A task’s substituted arguments crossed the 128 KB threshold and Argo 3.7+ tried to stage them in a per-pod ConfigMap (PR #15265). The upstream namespace-install.yaml grants the controller SA only read access on configmaps. Add create (and update/patch/delete for resilience) to the controller’s Role - scripts/deploy.sh does this with Role/RoleBinding athena-argo-configmaps.

On Argo 3.6 the offload path doesn’t exist at all; arguments over the kernel exec ARG_MAX (~128 KB) fail with argument list too long, and the only fix is using Artifact<T> for the large value (see Pass a large value between steps).

“failed to resolve {{tasks.X.outputs.*}}” on Argo ≤ 3.5

cargo-athena emits one WorkflowTemplate per template, wired via templateRef.
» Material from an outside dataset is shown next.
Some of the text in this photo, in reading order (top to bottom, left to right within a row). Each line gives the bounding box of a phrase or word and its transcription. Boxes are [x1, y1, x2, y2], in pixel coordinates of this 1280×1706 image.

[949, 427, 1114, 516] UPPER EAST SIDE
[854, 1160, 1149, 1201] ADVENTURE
Argo 3.5 and older can’t resolve cross-template task output references at submit time, so any multi-step workflow fails instantly with this message.
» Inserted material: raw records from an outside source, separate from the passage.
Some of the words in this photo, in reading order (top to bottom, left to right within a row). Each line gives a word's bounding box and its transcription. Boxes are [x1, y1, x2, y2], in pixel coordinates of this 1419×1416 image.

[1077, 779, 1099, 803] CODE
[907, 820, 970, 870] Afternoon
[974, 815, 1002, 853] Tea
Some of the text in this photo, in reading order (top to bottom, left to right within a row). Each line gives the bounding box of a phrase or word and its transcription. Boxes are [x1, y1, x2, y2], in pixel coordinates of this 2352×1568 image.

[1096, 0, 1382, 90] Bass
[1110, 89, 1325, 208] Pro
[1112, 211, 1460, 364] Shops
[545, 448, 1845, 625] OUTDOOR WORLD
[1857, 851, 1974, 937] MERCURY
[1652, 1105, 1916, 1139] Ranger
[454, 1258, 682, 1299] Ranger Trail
Fixed in Argo 3.6. The emitted YAML is correct and passes 3.6 / 3.7 / 4.0 unchanged. cargo-athena does not support Argo ≤ 3.5; do not try to “fix” by inlining.
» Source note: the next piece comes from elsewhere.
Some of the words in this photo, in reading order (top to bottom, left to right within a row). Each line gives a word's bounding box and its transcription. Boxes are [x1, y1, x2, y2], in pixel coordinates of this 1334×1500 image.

Pod CrashLoopBackOff, “exec format error” or “no such file”

The injected bootstrap couldn’t pick a matching binary for the node’s architecture. Check that the targets list in athena.toml [bootstrap] includes a triple matching each node where pods can land. The default (x86_64-unknown-linux-musl, aarch64-unknown-linux-musl) covers most clusters; if you only build one and your scheduler picks the other, you’ll see this.

The image needs only POSIX sh and uname. If you’re using a non-standard base, docker run --rm -it your/image sh -c 'uname -m' to confirm.

Other gotchas

cargo athena emit shows old YAML after a code change

The cargo invocation behind emit uses cargo run, so an incremental rebuild should pick up your changes. If it doesn’t, you’re probably running from outside the workflow crate against a stale binary; pass -p <package> or run from the crate root.

“duplicate volume name” or DNS-1123 errors on host!

host!("/p") mounts under /athena/mounts/<hash> to avoid clobbering the container fs (host!("/") would otherwise overlay the host root). The <hash> is derived deterministically from the path and is wide enough that collisions are not practical, so duplicate Volume names (which Kubernetes rejects) are rare; if you hit one, two host! literals collided.

If you need a specific in-container mount path, use #[container(host_mount = [...])] instead. See #[container] macro calls for the full host! rules.


Still stuck? The #[workflow] and #[container] references cover every attribute and shape, and the Cookbook has worked examples for the common tasks.